2.6.3 Dynamic linear swell meter (DLSM) test
The swelling characteristic of the Endau-Rompin formation due to increased temperature was analyzed using the HTHP OFITE DLSM (Model 150–80-230 V, USA). The test procedures follow those outlined by Lalji et al. (2023) and Barati et al. (2017) for DLSM. The process of preparing the shale plugs for the LSM test was repeated, resulting in the production of 10 additional shale plugs through hydraulic compaction. The injected drilling fluids follow the same formulation used in Section 2.4. The shale plugs were exposed to the test drilling fluids for 48 h at 80 °C in the DLSM cup assembly, and the swellings were measured over time. DLSM can test up to four samples simultaneously. The sample was left to swell for 48 h before it was taken out. The fundamental idea behind the equipment is to capture any variation in the sample's height as it interacts with the fluid. A linear variable transducer built into the equipment records the height variation. The more ions migrate inside the shale platelets, the more swelling will be observed over time. The impact of stress and pressure was not examined during the tests because DLSM primarily operates by inferring the alteration in height of the sample using a transducer.
2.6.4 Shale pore structure characterization and contact angle measurements
A SEM (Hitachi SU8020, Japan) analysis test was conducted on the shale's pore structure after nHAp/SDS inhibition. The results indicated a collaborative relationship between the shale stabilizers and the shale pores. The effectiveness of nHAp/SDS in shale inhibition was clearly demonstrated in the pore structure images. Changing the surface wettability is one of the most significant techniques for mitigating the negative impacts of clay's hydrophilic properties and water invasion (Yue et al., 2018).
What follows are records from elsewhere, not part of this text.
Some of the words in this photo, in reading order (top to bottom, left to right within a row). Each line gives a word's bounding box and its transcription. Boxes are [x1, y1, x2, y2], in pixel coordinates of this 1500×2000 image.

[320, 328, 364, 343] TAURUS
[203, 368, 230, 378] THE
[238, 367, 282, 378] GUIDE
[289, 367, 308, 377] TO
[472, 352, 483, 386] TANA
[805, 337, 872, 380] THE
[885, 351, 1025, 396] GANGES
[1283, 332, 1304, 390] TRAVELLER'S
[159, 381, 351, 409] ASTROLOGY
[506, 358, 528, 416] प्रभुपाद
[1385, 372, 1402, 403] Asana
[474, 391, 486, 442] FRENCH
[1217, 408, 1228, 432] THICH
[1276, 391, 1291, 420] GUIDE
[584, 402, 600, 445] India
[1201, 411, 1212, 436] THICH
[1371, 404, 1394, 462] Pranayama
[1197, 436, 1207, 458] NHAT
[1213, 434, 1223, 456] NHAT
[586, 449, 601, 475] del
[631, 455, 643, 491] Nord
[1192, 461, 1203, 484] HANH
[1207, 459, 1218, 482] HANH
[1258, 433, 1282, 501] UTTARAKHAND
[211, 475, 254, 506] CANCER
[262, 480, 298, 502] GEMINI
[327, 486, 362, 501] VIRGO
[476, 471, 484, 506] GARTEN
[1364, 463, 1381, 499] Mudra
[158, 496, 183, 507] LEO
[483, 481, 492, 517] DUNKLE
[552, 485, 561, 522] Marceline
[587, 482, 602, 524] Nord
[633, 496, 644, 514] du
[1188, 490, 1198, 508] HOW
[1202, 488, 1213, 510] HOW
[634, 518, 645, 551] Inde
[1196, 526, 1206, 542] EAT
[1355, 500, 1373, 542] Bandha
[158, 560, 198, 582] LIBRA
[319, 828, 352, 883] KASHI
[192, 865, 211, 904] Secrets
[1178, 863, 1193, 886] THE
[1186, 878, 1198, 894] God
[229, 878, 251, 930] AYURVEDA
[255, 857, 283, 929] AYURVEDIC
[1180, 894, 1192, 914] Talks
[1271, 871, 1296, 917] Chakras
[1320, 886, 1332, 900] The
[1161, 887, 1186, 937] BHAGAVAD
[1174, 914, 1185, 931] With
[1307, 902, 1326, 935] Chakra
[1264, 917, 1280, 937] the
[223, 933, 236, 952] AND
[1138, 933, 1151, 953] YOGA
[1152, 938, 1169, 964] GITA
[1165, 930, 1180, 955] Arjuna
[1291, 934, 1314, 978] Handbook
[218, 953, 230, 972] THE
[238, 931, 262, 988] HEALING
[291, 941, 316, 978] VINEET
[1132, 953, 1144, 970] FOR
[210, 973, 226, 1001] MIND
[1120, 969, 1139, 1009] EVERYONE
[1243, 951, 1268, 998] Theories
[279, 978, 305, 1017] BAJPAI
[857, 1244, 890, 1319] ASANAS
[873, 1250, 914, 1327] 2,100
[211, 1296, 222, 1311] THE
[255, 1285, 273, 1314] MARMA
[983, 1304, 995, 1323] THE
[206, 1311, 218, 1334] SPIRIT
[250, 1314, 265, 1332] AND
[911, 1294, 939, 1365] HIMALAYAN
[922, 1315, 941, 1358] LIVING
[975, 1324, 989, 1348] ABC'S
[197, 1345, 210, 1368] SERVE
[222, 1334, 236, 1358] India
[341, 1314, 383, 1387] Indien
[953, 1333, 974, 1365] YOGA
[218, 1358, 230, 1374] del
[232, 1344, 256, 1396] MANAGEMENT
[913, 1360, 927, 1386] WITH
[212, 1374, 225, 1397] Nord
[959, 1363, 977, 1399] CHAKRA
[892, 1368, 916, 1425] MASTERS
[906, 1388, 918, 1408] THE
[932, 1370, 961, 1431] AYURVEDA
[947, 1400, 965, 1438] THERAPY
The contact angle θ (theta) test is the most direct approach for determining surface wettability. The water contact angle was determined using the hanging drop form technique with a DSA25 contact angle tester (Luo et al., 2022). Following the immersion of the shale specimen in drilling mud for 24 h, the shale samples were subjected to 2 h of blast drying at 70 °C. The measurements were taken using the contact angle drop shape meter (DSA25 analyzer). A syringe filled with water was used to carefully administer a drop onto the specimen as photos were taken of the chip. The outer diameter of the needle measures 0.30 mm, with an inner diameter of 0.22 mm. For a precise view of the centre drop, angled needles were necessary. A water droplet was captured on the chip, and the contact angle of each drilling fluid was assessed. Luo et al. (2022) thoroughly describe these test methodologies.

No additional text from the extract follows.